You may have noticed how several MLB players started changing their Twitter avatars to blank silhouettes Thursday afternoon. The show of solidarity was a response to the league removing all references to current players once the lockout began, replacing their likenesses with digital mannequins, but it all started as a joke from former Cubs pitcher Trevor Williams.
“It was just being silly,” Williams told ESPN. “It’s a meme. When you think about it, by us posting a picture of what MLB does, we’re doubling down on what they’re doing. It’s not supposed to be serious.”
I have no idea what likeness means
— Trevor Williams (@MeLlamoTrevor) December 2, 2021
What began as Williams goofing around quickly turned into a movement that took all the piss out of MLB’s lame-ass scrubbing and represented a win for players on the PR front. That’s big as baseball endures its first lockout since 1990 and ninth overall work stoppage in its history, especially after seeing how the league and owners maintained full control of the narrative during the summer of 2020.
— The Compound (@thecompoundpod) December 2, 2021
Though not technically a work stoppage in a traditional sense, the league and union had to negotiate a return plan in the midst of a pandemic that centered around money. All the while, the league proceeded to leak information through media sources to make it known that the owners desperately wanted to give the game back to the fans and were being held ransom by those mean players who were too spoiled to play a game for money.

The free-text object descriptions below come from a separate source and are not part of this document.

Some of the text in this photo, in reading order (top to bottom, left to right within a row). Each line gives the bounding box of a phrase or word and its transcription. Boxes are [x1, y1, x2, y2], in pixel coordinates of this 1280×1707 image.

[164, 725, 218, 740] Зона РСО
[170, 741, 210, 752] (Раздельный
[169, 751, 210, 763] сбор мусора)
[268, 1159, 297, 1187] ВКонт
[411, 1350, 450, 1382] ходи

That the negotiations weren’t happening in good faith didn’t matter because, as is so often the case, the first story is the one people tend to believe. Owners talked about biblical losses and acted as though they were doing everything in their power to bring the game back out of altruistic devotion to the fans. Seriously, that’s what they wanted you to believe. And you know what, I think they actually convinced themselves that was true.
At the very least, they convinced themselves they could get fans to believe it. Some even did buy the line, which supported the hubris behind the whole thing. Most people can’t truly discern the vast gulf that exists between the second and 13th letters of the alphabet, so they lump millionaires and billionaires into the same group. Never mind that most ballplayers aren’t pulling down the ninth figure that necessitates such differentiation in the first place.

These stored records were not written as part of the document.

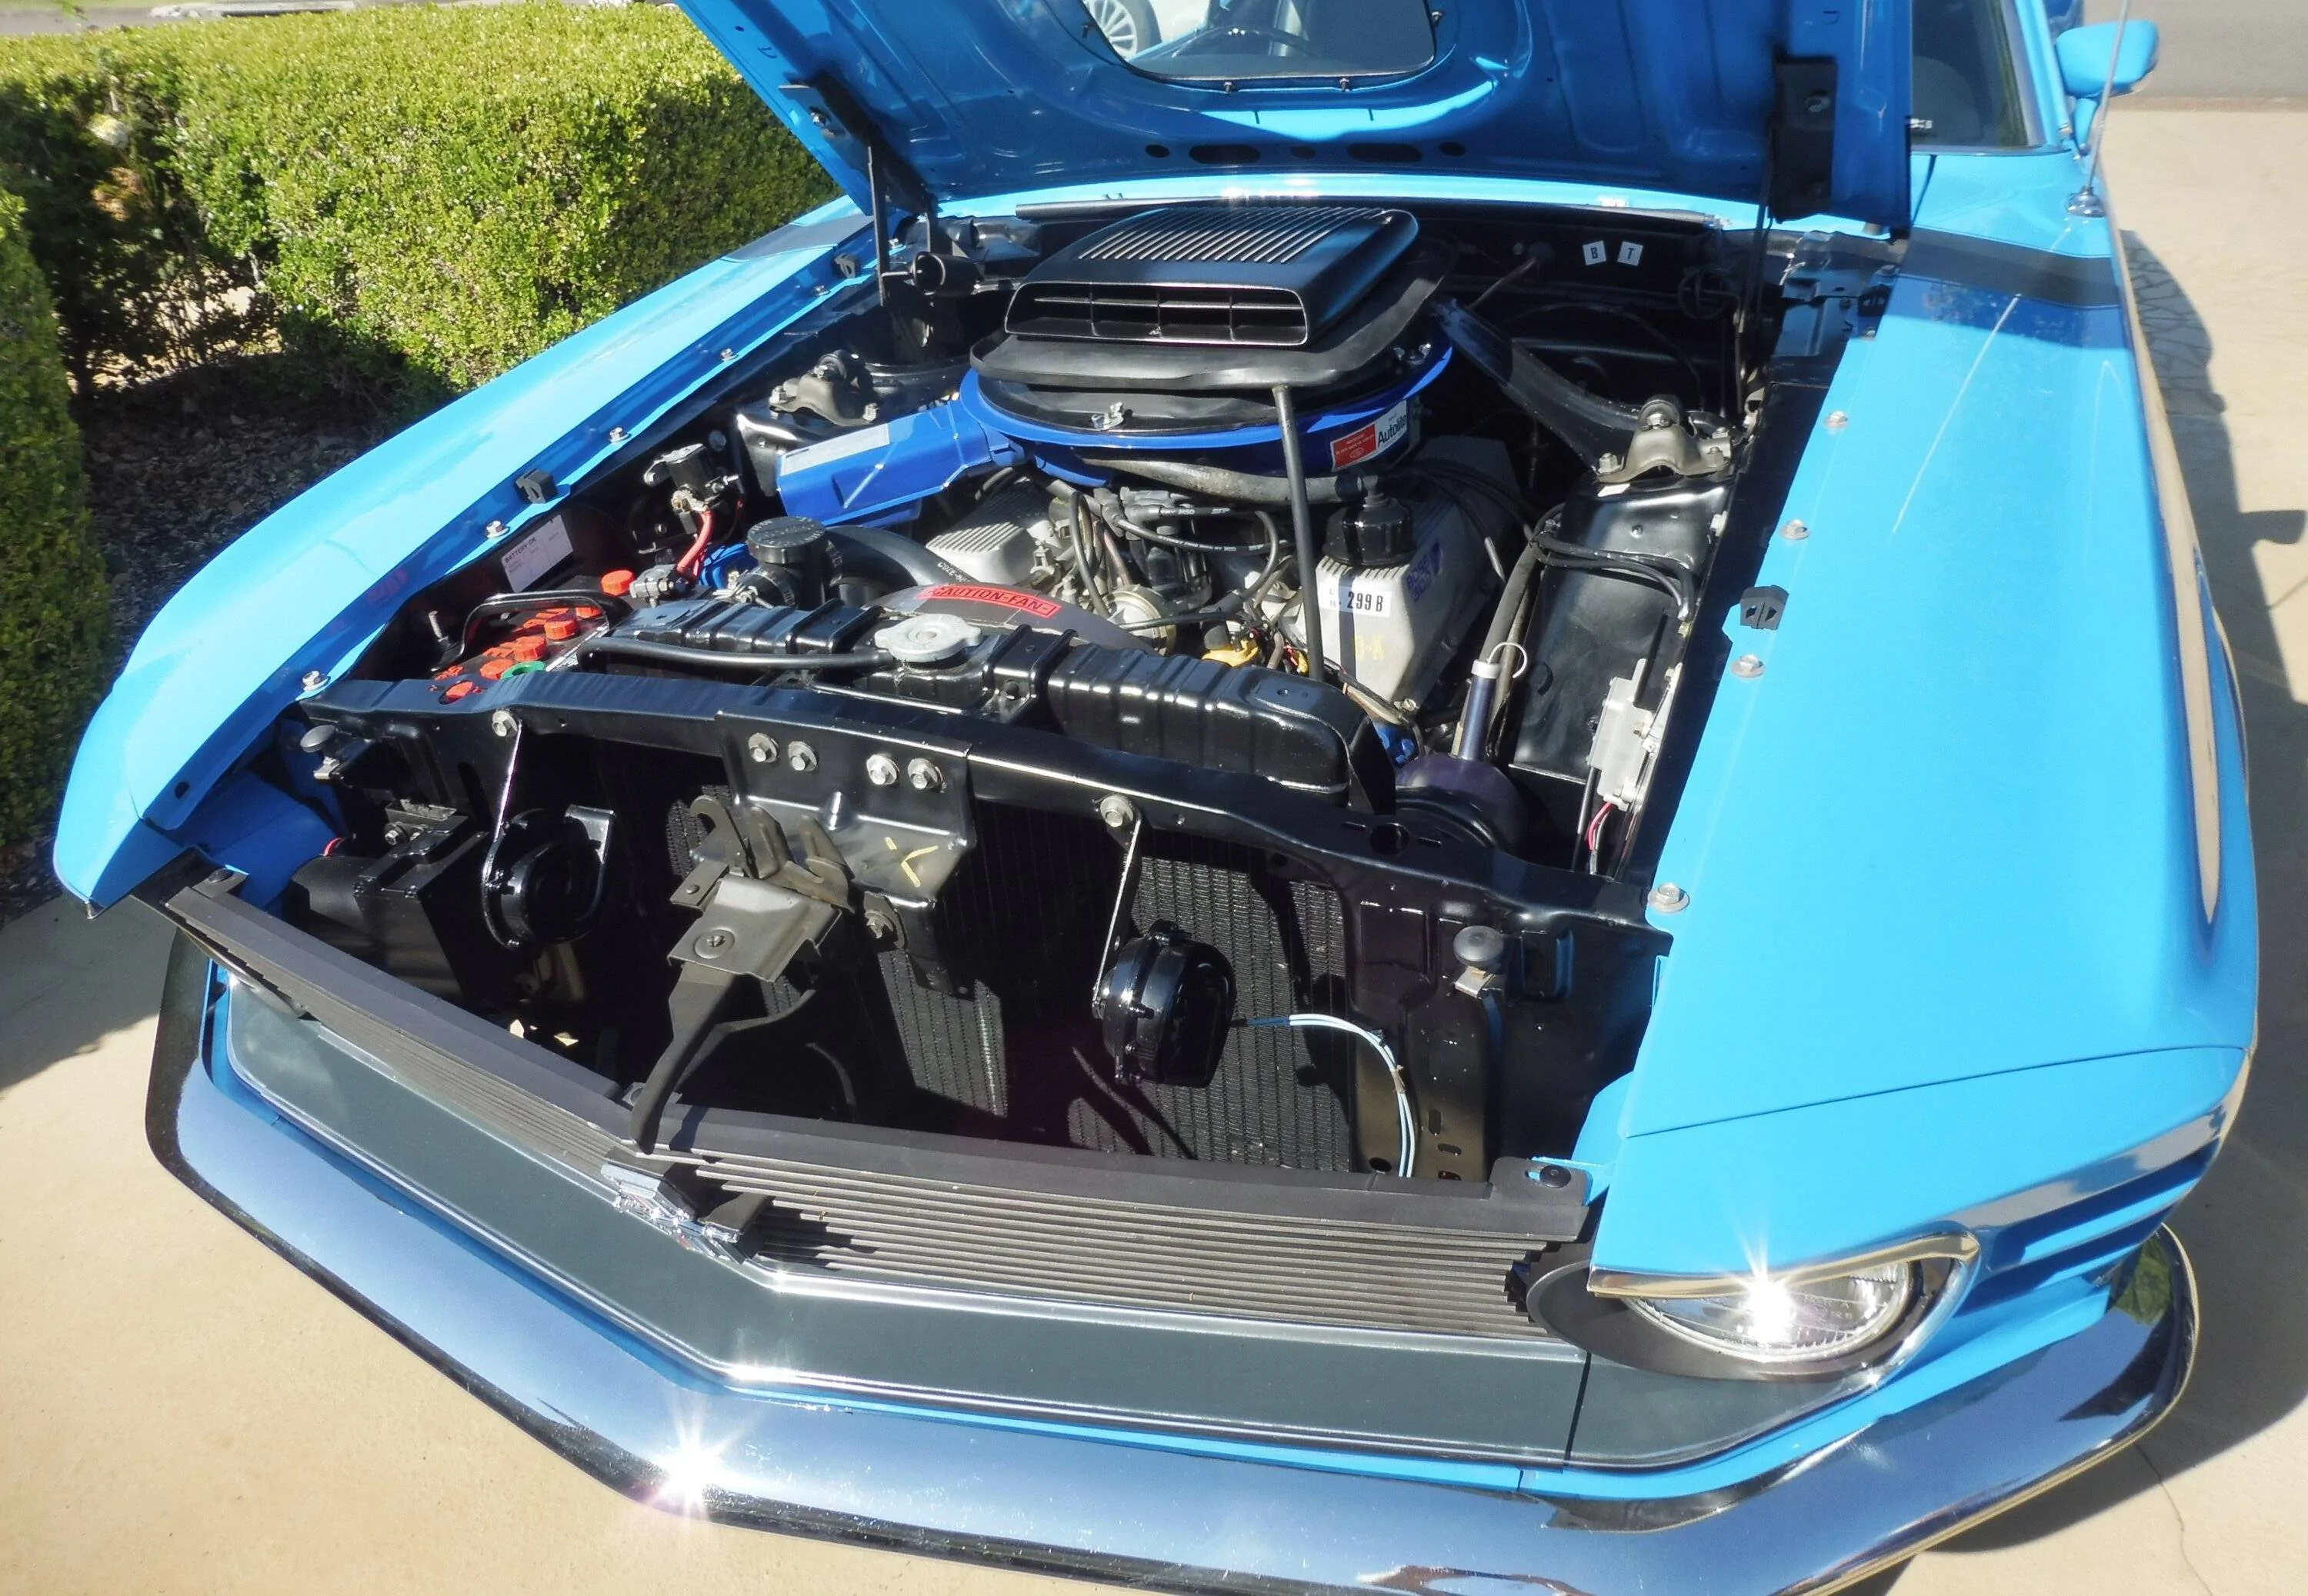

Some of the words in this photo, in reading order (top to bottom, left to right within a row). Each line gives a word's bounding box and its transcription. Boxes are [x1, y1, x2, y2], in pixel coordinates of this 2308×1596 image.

[1590, 247, 1599, 259] B
[1627, 247, 1635, 260] T
[505, 544, 527, 563] BATTERY
[1347, 591, 1372, 611] 299
[1376, 595, 1383, 612] B

Then there are those fans whose vantage point from the stands allows them to see the field clearly but does not afford such a good view into the ivory tower. Owners, then, simply aren’t as tangible as the players. Add in a strange fascination with wealth that leads people to equate money and success to value and you get a convoluted situation in which the players are really the bad guys biting the hand that feeds them.
“I’d play for less than league minimum,” say the schmoes who skulk around the beer league softball park trying to find a co-ed game that needs a ringer. Brother, no one is paying to watch you flail that rolled DeMarini against Jacob deGrom.
Anyway, the point is that the tide is turning now that players have direct access to fans through platforms like Twitter, TikTok, Instagram, and all manner of podcasts. They’re able to share their thoughts in real-time and they’re doing it a much more concerted effort than ever before. While Rob Manfred clumsily reads talking points from a sheet of paper, Williams is starting a viral meme.
As trite as that sounds, it’s an example of the players reaching people where they are. Owners and top-level league execs really don’t truly understand the way in which social media serves as the connective tissue of modern fandom. It’s how we consume and process news about teams and, with even greater strength following a period when no one could attend ballparks in person, it’s become how we experience games together.
So while owners try to funnel their propaganda through national talking heads sympathetic to their plight, the players are just skipping the middle man and bringing their story to the masses wholesale. It’s honest and it’s fun and the fans get to follow their favorite athletes even when they’re not on the field. Maybe it won’t completely turn the tide, not yet, but the league is fast losing its grip on the wheel when it comes to steering fans’ thoughts.
Well, some fans. There’s still plenty of fertile ground out there in which the owners can plant seeds of discontent, but the acreage is dwindling.